● **Work task**
All of the data needs to be repeated exactly.

(Beginning of Records for this exercise)

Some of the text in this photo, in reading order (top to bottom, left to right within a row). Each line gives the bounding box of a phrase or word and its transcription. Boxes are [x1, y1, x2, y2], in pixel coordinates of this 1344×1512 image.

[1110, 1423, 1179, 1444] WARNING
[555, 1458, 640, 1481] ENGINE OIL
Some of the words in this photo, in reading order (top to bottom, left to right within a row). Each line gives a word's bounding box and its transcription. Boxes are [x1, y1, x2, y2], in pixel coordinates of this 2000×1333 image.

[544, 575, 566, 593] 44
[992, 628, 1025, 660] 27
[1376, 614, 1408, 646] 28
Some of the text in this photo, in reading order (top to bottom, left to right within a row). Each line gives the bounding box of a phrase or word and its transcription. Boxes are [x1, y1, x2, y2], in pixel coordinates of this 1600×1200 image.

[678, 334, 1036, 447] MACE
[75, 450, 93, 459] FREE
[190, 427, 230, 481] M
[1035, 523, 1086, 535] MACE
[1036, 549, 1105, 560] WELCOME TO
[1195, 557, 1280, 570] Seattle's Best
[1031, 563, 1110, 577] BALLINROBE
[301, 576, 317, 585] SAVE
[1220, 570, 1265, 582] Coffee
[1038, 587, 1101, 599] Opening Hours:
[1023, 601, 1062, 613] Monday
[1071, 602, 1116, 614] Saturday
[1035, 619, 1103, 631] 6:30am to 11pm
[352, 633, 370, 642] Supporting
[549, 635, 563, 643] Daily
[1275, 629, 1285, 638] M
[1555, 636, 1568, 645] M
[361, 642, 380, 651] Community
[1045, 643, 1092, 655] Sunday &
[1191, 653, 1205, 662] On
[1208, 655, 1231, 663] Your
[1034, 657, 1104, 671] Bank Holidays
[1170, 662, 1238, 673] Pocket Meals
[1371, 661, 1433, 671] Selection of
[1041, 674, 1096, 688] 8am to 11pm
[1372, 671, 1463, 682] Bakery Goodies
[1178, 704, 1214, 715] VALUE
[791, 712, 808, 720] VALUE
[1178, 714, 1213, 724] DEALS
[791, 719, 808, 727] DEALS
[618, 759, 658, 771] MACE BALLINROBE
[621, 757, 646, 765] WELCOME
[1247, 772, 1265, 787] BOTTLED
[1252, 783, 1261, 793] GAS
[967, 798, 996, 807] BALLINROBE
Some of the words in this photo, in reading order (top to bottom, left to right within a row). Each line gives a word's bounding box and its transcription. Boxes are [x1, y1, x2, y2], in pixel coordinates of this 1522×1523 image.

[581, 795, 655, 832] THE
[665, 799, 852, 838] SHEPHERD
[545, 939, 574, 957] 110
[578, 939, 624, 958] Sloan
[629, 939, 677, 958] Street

(End of Records for this exercise)

● **Reply**
Some of the text in this photo, in reading order (top to bottom, left to right within a row). Each line gives the bounding box of a phrase or word and its transcription. Boxes are [x1, y1, x2, y2], in pixel coordinates of this 1344×1512 image.

[1110, 1423, 1179, 1444] WARNING
[555, 1458, 640, 1481] ENGINE OIL
Some of the words in this photo, in reading order (top to bottom, left to right within a row). Each line gives a word's bounding box and its transcription. Boxes are [x1, y1, x2, y2], in pixel coordinates of this 2000×1333 image.

[544, 575, 566, 593] 44
[992, 628, 1025, 660] 27
[1376, 614, 1408, 646] 28
Some of the text in this photo, in reading order (top to bottom, left to right within a row). Each line gives the bounding box of a phrase or word and its transcription. Boxes are [x1, y1, x2, y2], in pixel coordinates of this 1600×1200 image.

[678, 334, 1036, 447] MACE
[75, 450, 93, 459] FREE
[190, 427, 230, 481] M
[1035, 523, 1086, 535] MACE
[1036, 549, 1105, 560] WELCOME TO
[1195, 557, 1280, 570] Seattle's Best
[1031, 563, 1110, 577] BALLINROBE
[301, 576, 317, 585] SAVE
[1220, 570, 1265, 582] Coffee
[1038, 587, 1101, 599] Opening Hours:
[1023, 601, 1062, 613] Monday
[1071, 602, 1116, 614] Saturday
[1035, 619, 1103, 631] 6:30am to 11pm
[352, 633, 370, 642] Supporting
[549, 635, 563, 643] Daily
[1275, 629, 1285, 638] M
[1555, 636, 1568, 645] M
[361, 642, 380, 651] Community
[1045, 643, 1092, 655] Sunday &
[1191, 653, 1205, 662] On
[1208, 655, 1231, 663] Your
[1034, 657, 1104, 671] Bank Holidays
[1170, 662, 1238, 673] Pocket Meals
[1371, 661, 1433, 671] Selection of
[1041, 674, 1096, 688] 8am to 11pm
[1372, 671, 1463, 682] Bakery Goodies
[1178, 704, 1214, 715] VALUE
[791, 712, 808, 720] VALUE
[1178, 714, 1213, 724] DEALS
[791, 719, 808, 727] DEALS
[618, 759, 658, 771] MACE BALLINROBE
[621, 757, 646, 765] WELCOME
[1247, 772, 1265, 787] BOTTLED
[1252, 783, 1261, 793] GAS
[967, 798, 996, 807] BALLINROBE
Some of the words in this photo, in reading order (top to bottom, left to right within a row). Each line gives a word's bounding box and its transcription. Boxes are [x1, y1, x2, y2], in pixel coordinates of this 1522×1523 image.

[581, 795, 655, 832] THE
[665, 799, 852, 838] SHEPHERD
[545, 939, 574, 957] 110
[578, 939, 624, 958] Sloan
[629, 939, 677, 958] Street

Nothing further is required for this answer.